Restate the whole listing exactly, leaving nothing out.

----

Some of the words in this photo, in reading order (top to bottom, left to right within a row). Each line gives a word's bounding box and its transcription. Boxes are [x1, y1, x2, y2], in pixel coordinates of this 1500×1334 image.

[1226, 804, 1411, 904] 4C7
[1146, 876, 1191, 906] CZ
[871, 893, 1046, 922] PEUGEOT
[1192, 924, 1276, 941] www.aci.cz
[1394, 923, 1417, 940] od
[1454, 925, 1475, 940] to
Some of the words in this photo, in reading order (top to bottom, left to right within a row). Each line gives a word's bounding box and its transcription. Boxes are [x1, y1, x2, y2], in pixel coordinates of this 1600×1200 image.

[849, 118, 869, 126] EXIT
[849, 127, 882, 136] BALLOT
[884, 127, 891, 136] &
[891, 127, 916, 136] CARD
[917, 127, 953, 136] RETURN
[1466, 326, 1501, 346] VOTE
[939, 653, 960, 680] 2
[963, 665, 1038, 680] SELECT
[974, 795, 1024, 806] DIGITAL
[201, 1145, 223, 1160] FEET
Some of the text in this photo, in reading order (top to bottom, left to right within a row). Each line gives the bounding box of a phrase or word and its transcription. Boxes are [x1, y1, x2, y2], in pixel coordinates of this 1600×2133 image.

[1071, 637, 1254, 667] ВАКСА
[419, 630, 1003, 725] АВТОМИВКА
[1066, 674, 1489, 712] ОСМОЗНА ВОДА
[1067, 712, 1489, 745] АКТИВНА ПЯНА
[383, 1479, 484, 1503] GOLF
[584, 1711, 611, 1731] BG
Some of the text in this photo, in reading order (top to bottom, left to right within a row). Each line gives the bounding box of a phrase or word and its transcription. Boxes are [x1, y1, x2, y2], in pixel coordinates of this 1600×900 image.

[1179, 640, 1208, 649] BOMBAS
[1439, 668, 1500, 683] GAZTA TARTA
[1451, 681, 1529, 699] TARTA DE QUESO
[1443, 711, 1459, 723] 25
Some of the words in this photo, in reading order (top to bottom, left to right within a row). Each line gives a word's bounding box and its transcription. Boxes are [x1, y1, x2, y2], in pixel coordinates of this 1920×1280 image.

----

## RESULT FOR THIS TASK
Some of the words in this photo, in reading order (top to bottom, left to right within a row). Each line gives a word's bounding box and its transcription. Boxes are [x1, y1, x2, y2], in pixel coordinates of this 1500×1334 image.

[1226, 804, 1411, 904] 4C7
[1146, 876, 1191, 906] CZ
[871, 893, 1046, 922] PEUGEOT
[1192, 924, 1276, 941] www.aci.cz
[1394, 923, 1417, 940] od
[1454, 925, 1475, 940] to
Some of the words in this photo, in reading order (top to bottom, left to right within a row). Each line gives a word's bounding box and its transcription. Boxes are [x1, y1, x2, y2], in pixel coordinates of this 1600×1200 image.

[849, 118, 869, 126] EXIT
[849, 127, 882, 136] BALLOT
[884, 127, 891, 136] &
[891, 127, 916, 136] CARD
[917, 127, 953, 136] RETURN
[1466, 326, 1501, 346] VOTE
[939, 653, 960, 680] 2
[963, 665, 1038, 680] SELECT
[974, 795, 1024, 806] DIGITAL
[201, 1145, 223, 1160] FEET
Some of the text in this photo, in reading order (top to bottom, left to right within a row). Each line gives the bounding box of a phrase or word and its transcription. Boxes are [x1, y1, x2, y2], in pixel coordinates of this 1600×2133 image.

[1071, 637, 1254, 667] ВАКСА
[419, 630, 1003, 725] АВТОМИВКА
[1066, 674, 1489, 712] ОСМОЗНА ВОДА
[1067, 712, 1489, 745] АКТИВНА ПЯНА
[383, 1479, 484, 1503] GOLF
[584, 1711, 611, 1731] BG
Some of the text in this photo, in reading order (top to bottom, left to right within a row). Each line gives the bounding box of a phrase or word and its transcription. Boxes are [x1, y1, x2, y2], in pixel coordinates of this 1600×900 image.

[1179, 640, 1208, 649] BOMBAS
[1439, 668, 1500, 683] GAZTA TARTA
[1451, 681, 1529, 699] TARTA DE QUESO
[1443, 711, 1459, 723] 25
Some of the words in this photo, in reading order (top to bottom, left to right within a row). Each line gives a word's bounding box and its transcription. Boxes are [x1, y1, x2, y2], in pixel coordinates of this 1920×1280 image.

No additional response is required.